ERNIE - 清华详解

一个脱离了低级趣味的人

ERNIE: Enhanced Language Representation with Informative Entities 提出了将知识显性地加入到BERT中。值得注意的是，百度也出了名为ERNIE的模型，且影响力更大，但是百度的知识是通过MASK的方式隐性的加入的。

清华ERNIE的模型通过更改模型结构，将知识和语言语义信息融合，增强了语义的表示，在知识驱动的任务中取得了显著的成功。这个模型的结构给我的感觉是和华为的ZEN很类似，但是目前看效果是没有华为的ZEN好，ZEN采用的是将N-gram而不是Entity加入到模型中，以及融合的时候也有区别。

那么我们如何将文本信息中的知识提取出来，然后再将这些知识和BERT的上下文语义embedding进行结合，这就是本文主要需要解决的问题。 key point：

首先提取输入文本的named entity，经过构造KG，然后通过TransE的方式将named entity进行embedding，经过Knowledge Encoder of ERNIE，得到的结果和 Text Encoder of Ernie进行align，再经过信息融合，得到两种输出，Token output以及Entity output。
目标函数有MLM，NSP以及针对Kg制定的mask entity prediction

Model Architecture

模型主要有两种Encoder组成，分别是T-Encoder以及K-Encoder。其中T-Encoder主要是进行输入文本的encoder，提取的是词法以及语义的信息。共N层。而K-Encoder主要进行的是知识entity的embedding以及知识融合。共M层

输入文本 {w_1, ..., w_n} (均为subword level）, entity embedding {e_1, ..., e_m} , 其中m往往小于n。

其中entity embedding使用的是transE embedding，即构建（H，R，T）, 模型得到对应的relation embedding以及entity embedding。

TransE

Title：Translating Embeddings for Modeling Multi-relational Data（2013） This is the first work of the translation model series.
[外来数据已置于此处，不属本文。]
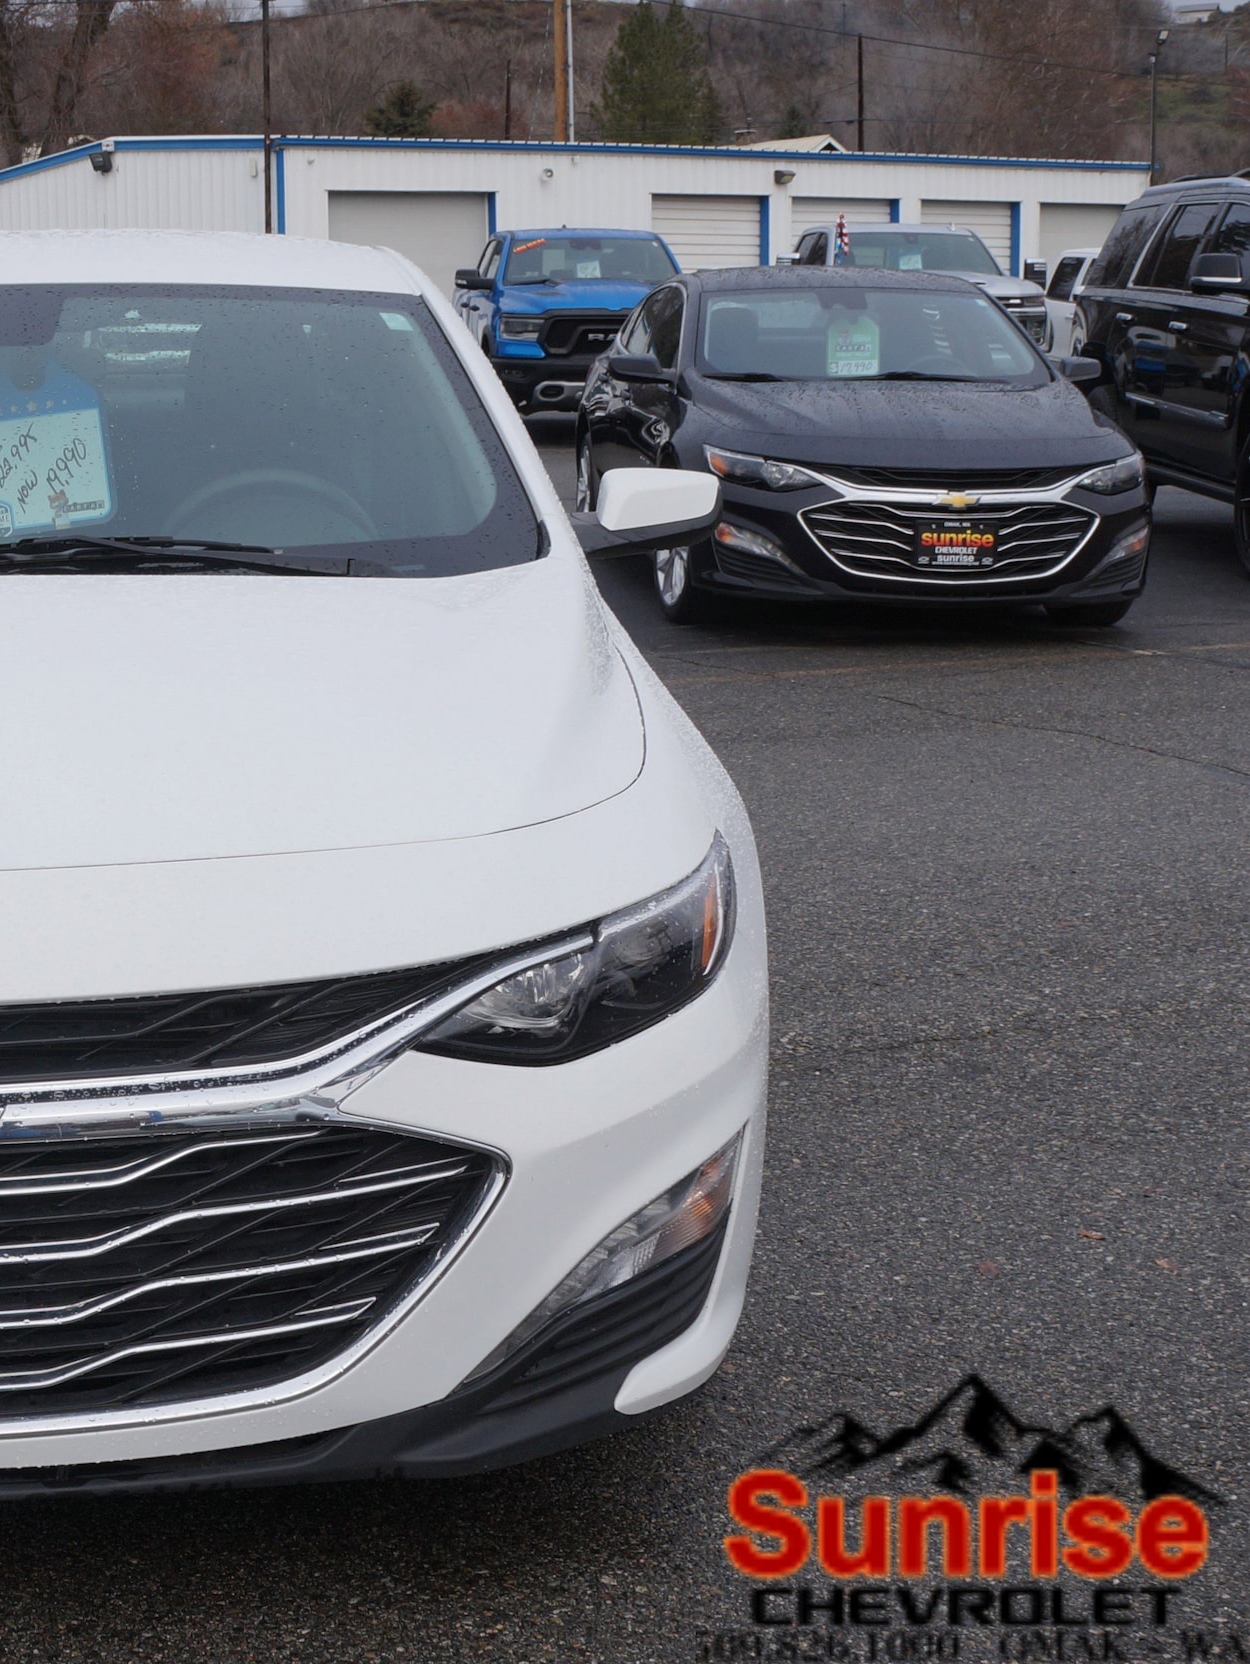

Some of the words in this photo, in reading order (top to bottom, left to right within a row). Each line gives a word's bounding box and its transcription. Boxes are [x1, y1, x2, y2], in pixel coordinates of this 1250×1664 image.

The basic idea of this model is making the sum of the head vector and relation vector as close as possible with the tail vector. Here we use L1 or L2 norm to measure how much they are close.

The loss function is the max-margin with negative sampling. L(y, y’) = max(0, margin -y + y’) y is the score of a positive sample, and y' is the score of a negtive sample. Minimizing this loss function score. It is enough that the difference between the two scores is as large as margin (we set this value, usually is 1). Because we use distance to represent the score, so we add a minus to the equation, the loss function for knowledge representation is: L(h,r,t) = max( 0, d_{pos} - d_{neg} +margin)
And d is: ||h+r-t||
This is the L1 or L2 norm. As for how to get the negative sample is replacing the head entity or tail entity with a random entity in the triple. See the code:

Using embedding_lookupget the vector of the head, relation, tail, and calculate the distance between (head, relation) and tail. But this model only can take care with one-to-one relation, not suitable for one-to-many/many-to-one relation, for example, there is two knowledge, (skytree, location, tokyo) and (gundam, location, tokyo). After training, the 'sky tree' entity vector will be very close with 'gundam' entity vector. But they do not have such similarity in real.

模型主要的作用:

\begin{equation} {\omega _1, ..., \omega_n} = T-Encoder({w_1, ..., w_n}) \tag1 \end{equation}

\begin{equation} \{\omega _1 ^o, ..., \omega_n ^o\}, \{e_1^o, ..., e_m^o\}= K-Encoder(\{\omega _1, ..., \omega_n\}, \{e_1, ..., e_m\}) \tag2 \end{equation}

Structured Knowledge Encoding（Knowledge Encoder）

对于一句话的输入，例如

bob dylan wrote Blowin' in the wind

首先提取出模型中的的entities，bob dylan 和 Blowin' in the wind作为entities

注意这边的进行了token embedding以及entity embedding的multi-head self-attentions（MH-ATTs）。

\begin{equation} \begin{split} \{\tilde w_1^{(i)}, . . . , \tilde w_n^{(i)}\} = MH-ATT(\{w_1^{(i−1)}, . . . , w_n^{(i−1)}\}), \\ \{\tilde e_1^{(i)}, . . . , \tilde e_n^{(i)}\} = MH-ATT(\{e_1^{(i−1)}, . . . , e_n^{(i−1)}\}) \end{split} \tag3 \end{equation}

在这之后第i个aggregator采用了information fusion layer将两个信息进行了融合，这边不是采用简单的向量相加得到一个向量，而是先combine后divide的方式，分别得到新的token embedding以及entity embedding。（2层的dense）

\begin{equation} \begin{split} h_j &= \sigma (\tilde W_t^{(i)} \tilde \omega _j ^{(i)} + \tilde W_e^{(i)} \tilde e _k ^{(i)} + \tilde b^{(i)}) \\ \omega _j {(i)} &= \sigma(W_t ^{(i)} h_j + b _t ^{(i)}),\\ e_k ^{(i)} &= \sigma( W_e ^{(i)} h_j + b_e ^{(i)}) \end{split} \tag4 \end{equation}

其中 e_k = f(w_j) , 指的是一个token w_j 和它aligned的entity e_k ，这边的aignment函数是指的是entity的首个token进行align。

对于没有对应的entity的token，information infusion layer的输出就是两层的dense，跟正常一样。

\begin{equation} \begin{split} h_j &= \sigma (\tilde W_t^{(i)} \tilde \omega _j ^{(i)} + \tilde b^{(i)}) \\ \omega _j {(i)} &= \sigma(W_t ^{(i)} h_j + b _t ^{(i)}) \end{split} \tag5 \end{equation}